6. Test PLC-δ1 interaction PH de domaine avec PI (4,5) P 2 -Contenant SLBS

  1. Préparer les dilutions du domaine PH à l'aide du tampon courant en tant que diluant.
    REMARQUE: Étant donné qu'il existe huit canaux dans l'appareil, utilisez au moins deux d'entre eux pour les contrôles vierges. Choisissez les extrémités de chaque côté et utilisez les canaux restants pour les dilutions de protéines. Les concentrations de domaine PH suivantes ont été testées: 0,10, 0,25, 0,50, 1,00 et 2,50 μM. Environ 200 μL de chaque dilution était suffisant pour atteindre l'équilibre dans les 30 minutes.
  2. Un à la fois, détachez chaque tube de sortie et appliquez 200 μL de chaque dilution de protéines dansLe canal de sortie en utilisant une pipette. N'appliquez aucune pression, laissez la gravité faire le travail. Détachez la pointe de la pipette et laissez-la attachée au dispositif microfluidique.
  3. Répétez l'étape ci-dessus pour chaque canal et assurez-vous que les bulles d'air ne sont pas introduites dans les canaux pendant ce processus.
  4. Abaissez le tube d'entrée à un sol sous le dispositif microfluidique pour commencer à écouler la protéine à travers les microcanaux. Tapez l'extrémité libre du tube dans un récipient à déchets. Réglez les dilutions de protéines pendant 30 min.
    REMARQUE: cela inversera le flux et permettra l'introduction de la protéine dans les canaux.
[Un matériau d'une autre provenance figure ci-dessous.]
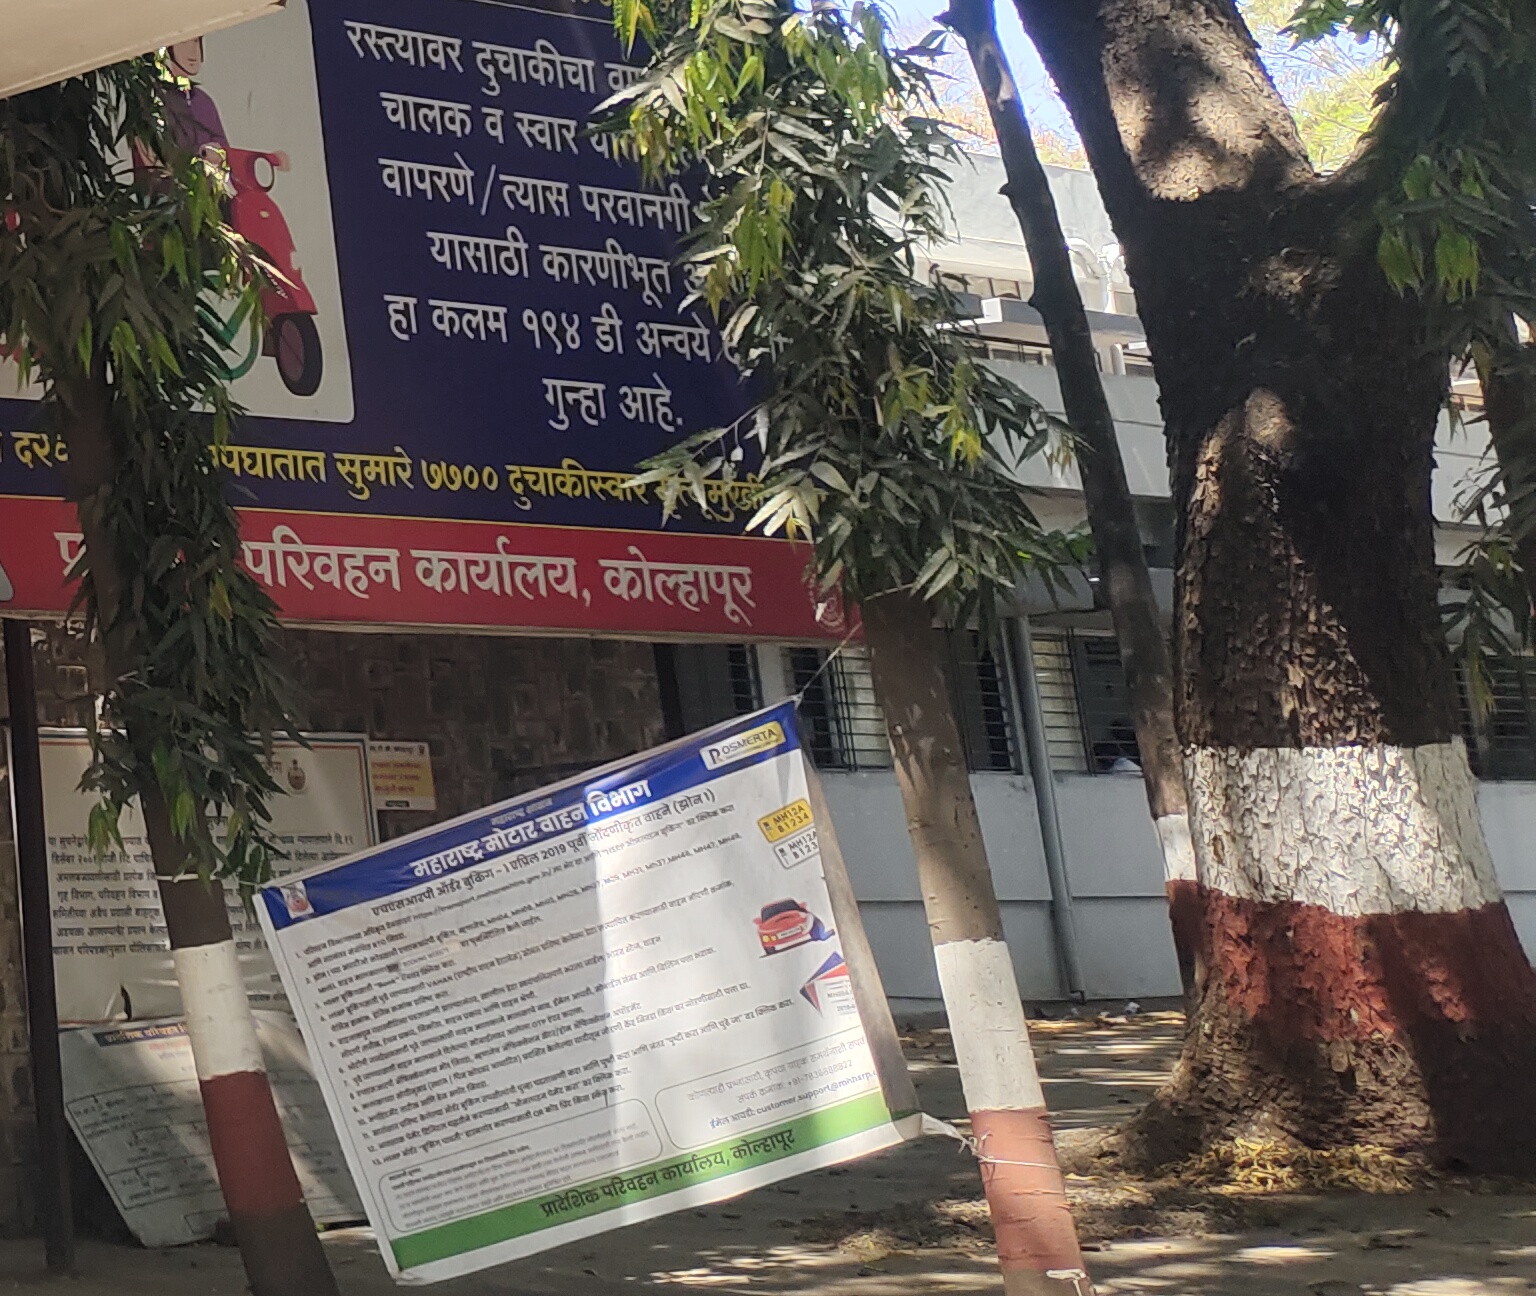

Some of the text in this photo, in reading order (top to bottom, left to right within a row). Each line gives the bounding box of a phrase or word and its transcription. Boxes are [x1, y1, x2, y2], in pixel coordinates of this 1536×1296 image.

Le temps d'équilibrage et le volume des dilutions de protéines nécessaires dépendent de l'affinité de l'interaction.
  5. Sur le panneau gauche du logiciel, sous l'onglet "Time Lapse", cliquez sur "Démarrer" pour recommencer l'imagerie.
  6. Répétez l'étape 5.15 pour vous assurer que l'équilibre est atteint. Lorsque l'expérience est terminée, enregistrez le laps de tempsfichier.

7. Évaluation de la fluidité des membranes

REMARQUE: les expériences de récupération de fluorescence Après Photobleaching (FRAP) doivent être effectuées avec chaque nouveau lot de SUV et lamelles de verre nettoyées pour s'assurer que les SLB sont fluides.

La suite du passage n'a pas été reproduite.